Unfortunately, these feelings pass. They pass faster than the temptations, or bad feelings that I have. But I know that they are “more than a feeling.” I know that that’s a song. I know that just because I feel these things doesn’t mean that they are real. The Kingdom of God exists outside of human feeling. Feeling is only a channel through which this truth passes.
Jesus came for the weak. I am weak. If you’re from a Christian background, you probably get tired of hearing things like that. You get tired of hearing people describe themselves as “broken” but Jesus “saved” them. It all sounds so painfully boring and meaningless sometimes, but I tell you, it’s true.
Some people think that the Bible is dangerous, that it’s a breeding ground for fanaticism. And I tell you, it is fanatical. Maybe not burning-down-hospitals fanatical, that’s Satan’s area of expertise. Yet I believe that if we took what was in the Bible and put it all into practice, the world would be a terrifyingly different and beautiful place. So the Bible is dangerous in a political sense, but in a spiritual sense, in a real sense, the Bible is our only hope, confusing as it may be. If it wasn’t for the love of God, for the blood of Christ, I would probably be dead, dead or eating jello. What meaning would my life have without God? I am weak. I can’t delude myself with high-flown phrases. I can’t subjugate myself to the rules of society, I just can’t force myself to love humanity. I am weak, physically and emotionally. I am a failure. I am socially awkward. I am unwell. I am a worry-wart. I am not a good person. But thank God I am weak, and thank God I find little comfort in the things that pacify most. For if I was strong, if I was “wise” and self-controlled and normal, I wouldn’t have any reason to put all my faith, all my being into a perfect God.

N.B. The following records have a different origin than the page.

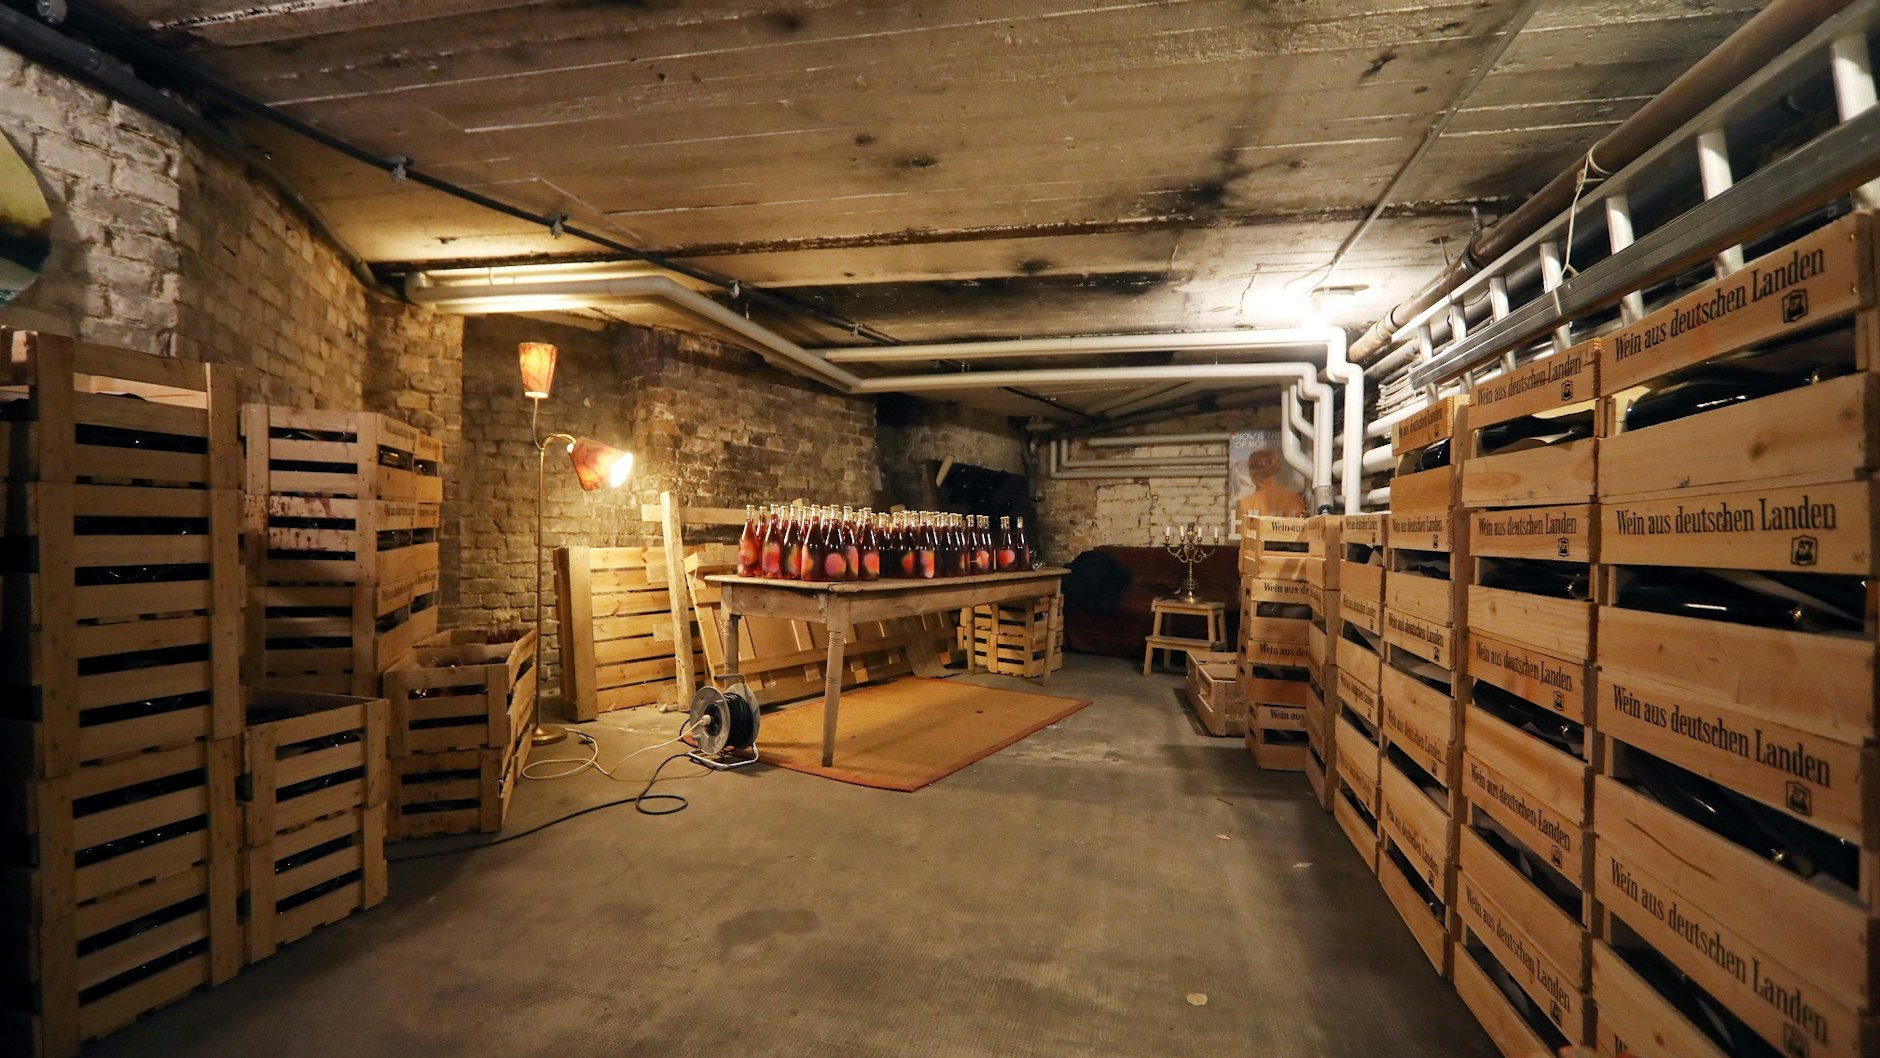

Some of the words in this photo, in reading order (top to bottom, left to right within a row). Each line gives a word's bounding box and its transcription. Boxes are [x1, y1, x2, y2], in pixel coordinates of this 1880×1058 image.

[1614, 332, 1641, 362] Wein
[1644, 321, 1667, 350] aus
[1671, 285, 1746, 338] deutschen
[1751, 249, 1825, 302] Landen
[1477, 387, 1493, 407] Wein
[1495, 383, 1507, 402] aus
[1508, 369, 1545, 396] deutschen
[1548, 354, 1581, 383] Landen
[1272, 522, 1290, 532] Wein
[1479, 518, 1493, 536] Wein
[1494, 521, 1506, 536] aus
[1507, 515, 1543, 536] deutschen
[1545, 512, 1577, 535] Landen
[1616, 509, 1645, 535] Wein
[1648, 513, 1671, 535] aus
[1675, 502, 1755, 533] deutschen
[1758, 495, 1837, 531] Landen
[1264, 582, 1283, 593] Wein
[1284, 585, 1299, 594] aus
[1259, 643, 1279, 655] Wein
[1280, 648, 1294, 656] aus
[1476, 640, 1490, 662] Wein
[1491, 649, 1502, 667] aus
[1504, 650, 1539, 680] deutschen
[1540, 660, 1572, 691] Landen
[1270, 709, 1289, 720] Wein
[1290, 712, 1305, 721] aus
[1612, 684, 1641, 719] Wein
[1644, 702, 1667, 728] aus
[1671, 704, 1749, 758] deutschen
[1755, 728, 1831, 788] Landen
[1471, 763, 1485, 790] Wein
[1487, 780, 1499, 799] aus
[1500, 784, 1536, 828] deutschen
[1538, 808, 1570, 852] Landen
[1466, 886, 1482, 918] Wein
[1483, 908, 1495, 932] aus
[1497, 919, 1534, 975] deutschen
[1536, 957, 1570, 1013] Landen
[1611, 857, 1639, 902] Wein
[1642, 888, 1664, 921] aus
[1668, 902, 1746, 984] deutschen
[1752, 957, 1828, 1045] Landen
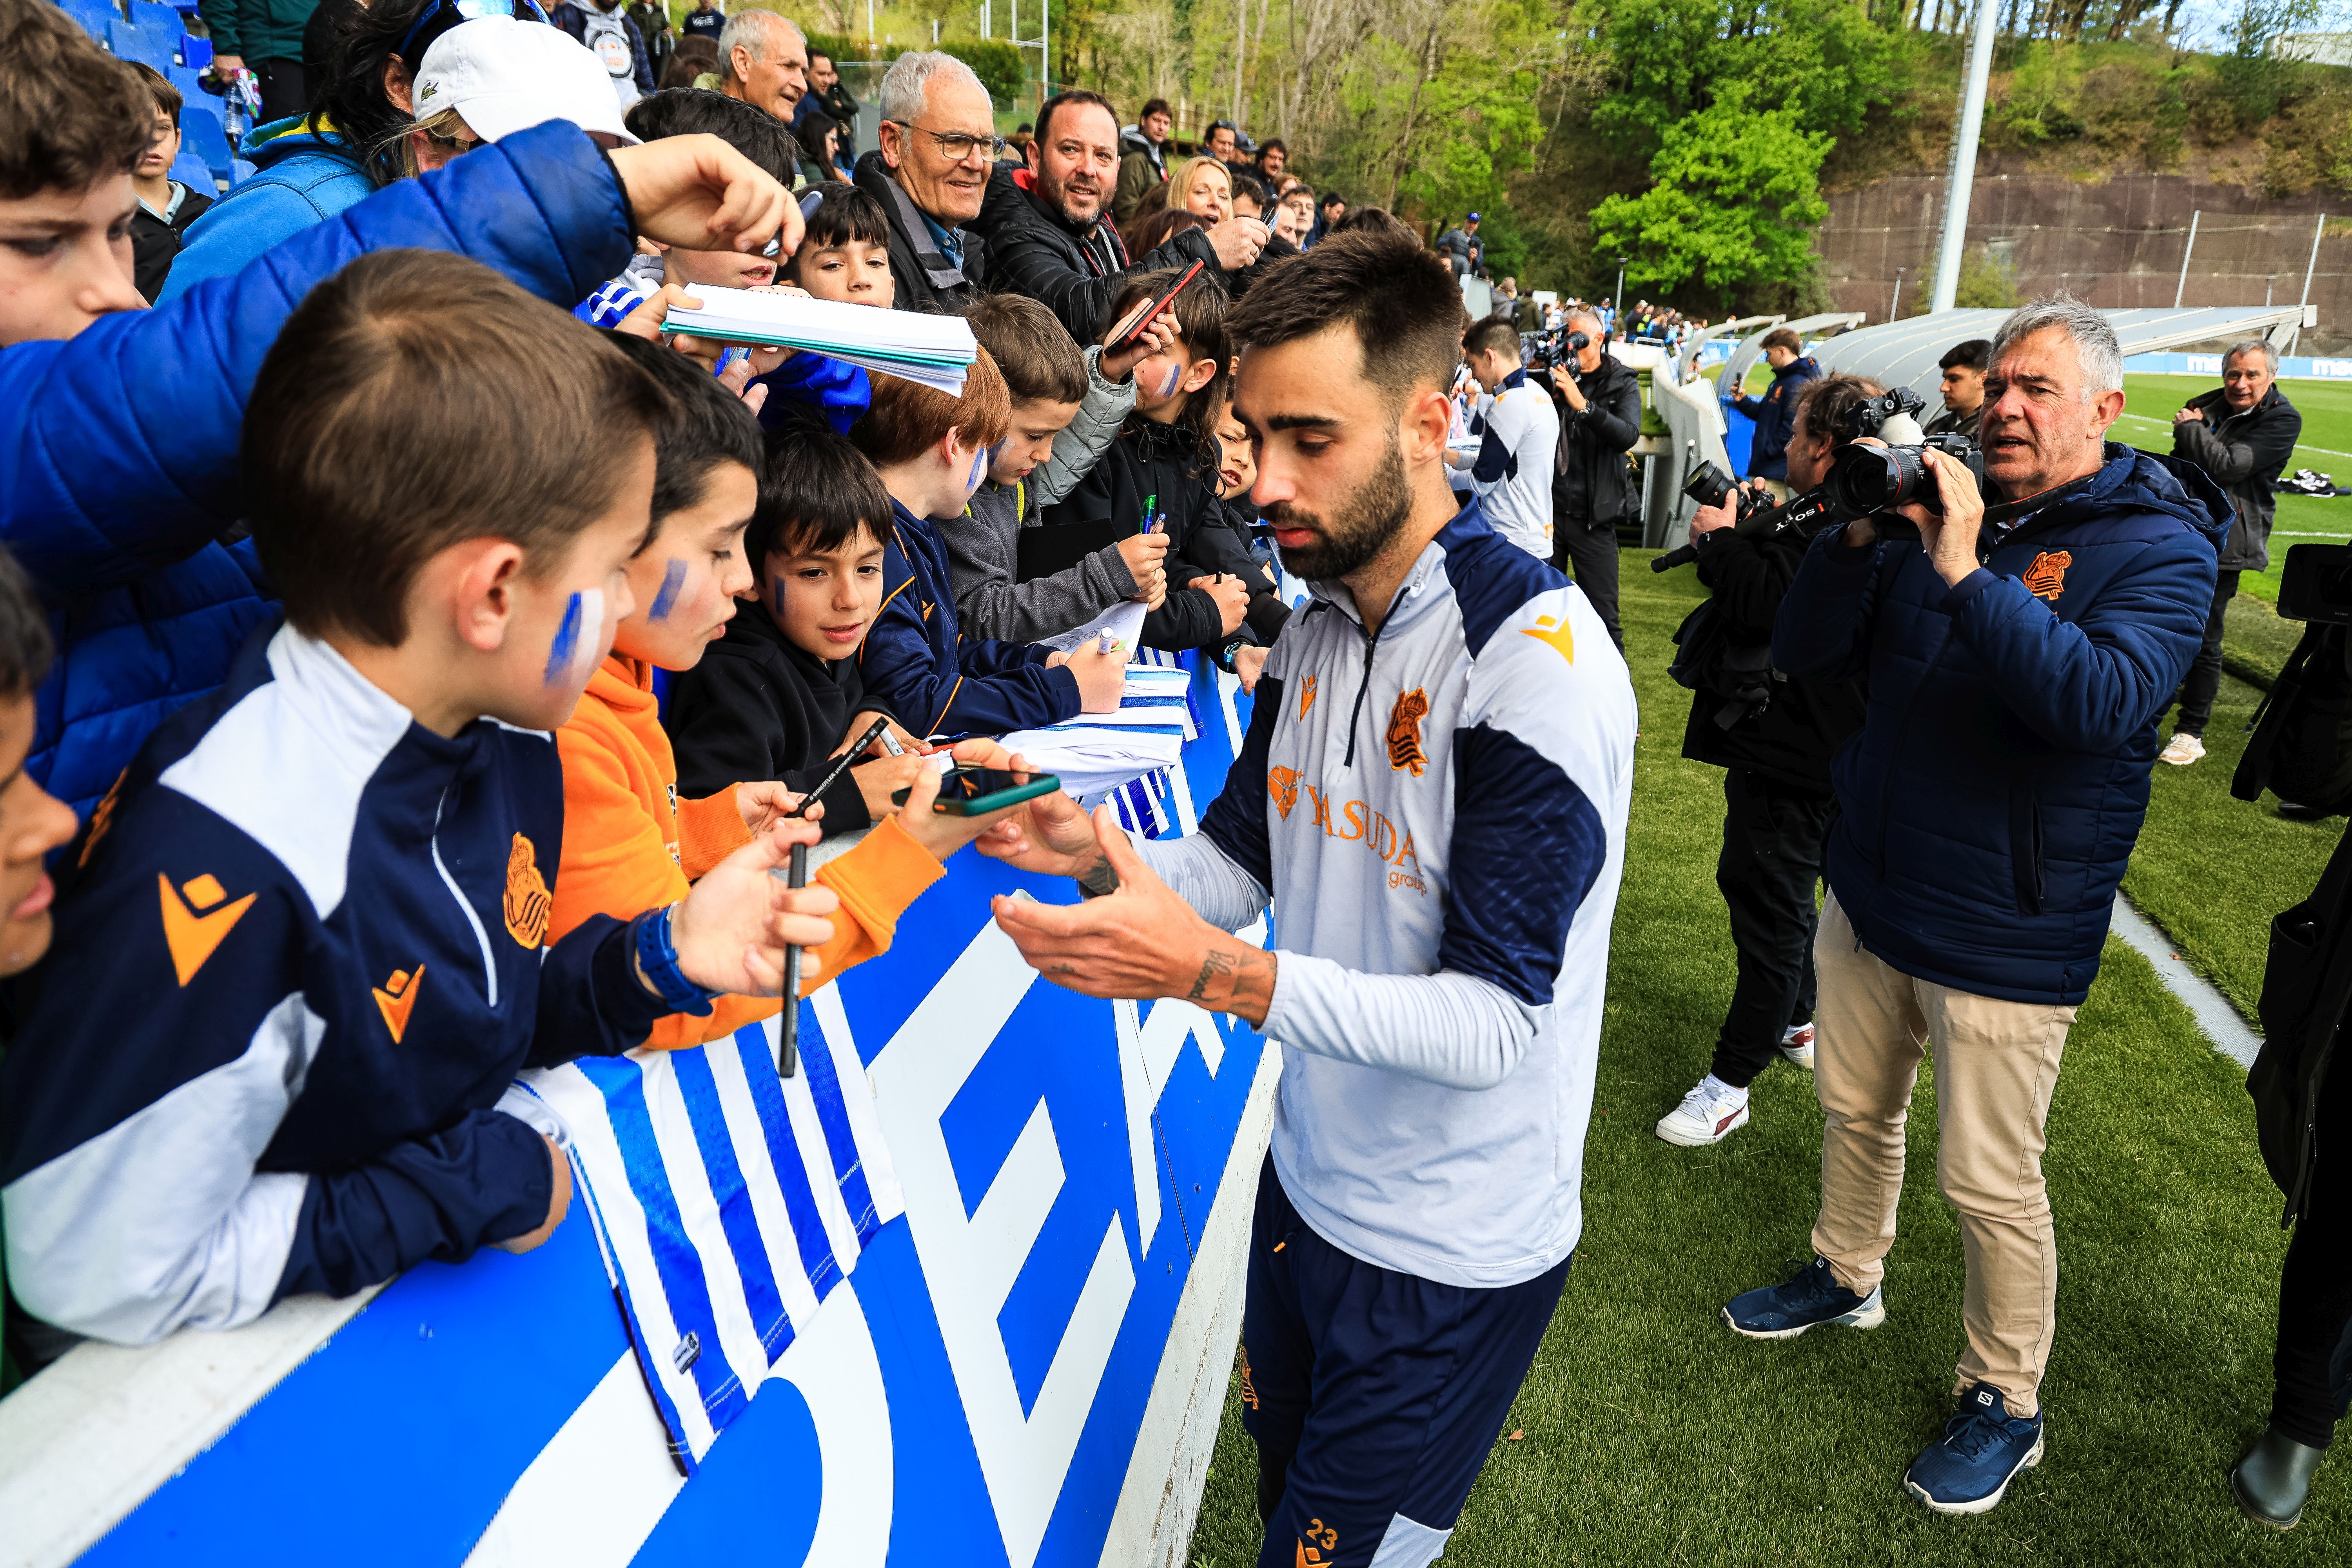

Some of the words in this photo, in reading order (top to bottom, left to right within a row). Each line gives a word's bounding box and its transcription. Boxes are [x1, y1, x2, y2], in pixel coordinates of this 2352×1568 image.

[1775, 508, 1815, 531] SOY
[812, 772, 836, 797] STAEDTLER
[835, 752, 855, 774] permanent
[1306, 785, 1424, 877] YASUDA
[1388, 871, 1427, 897] group
[1306, 1518, 1338, 1550] 23

Everyone has weakness and everyone has strength. God will find you in your weakness and He will find you in your strength. He will find You in the lowest depths, He will find you on your highest mountain. He will find you in your humility, He will find you in your pride. He will find you in the margins of society and He will find you in the midst of it. He will find you in the 99% and he will find you in the 1%. There’s no escaping Him. Wherever You are, there He is also, watching. So it doesn’t matter who you are or where you are. If He can forgive me, He can forgive you, and now you know that. You know that I am not just some goody-goody. You know that I have no right to look down on you. It doesn’t matter who you are, it matters who God is, and it matters if you want to have anything to do with what God is.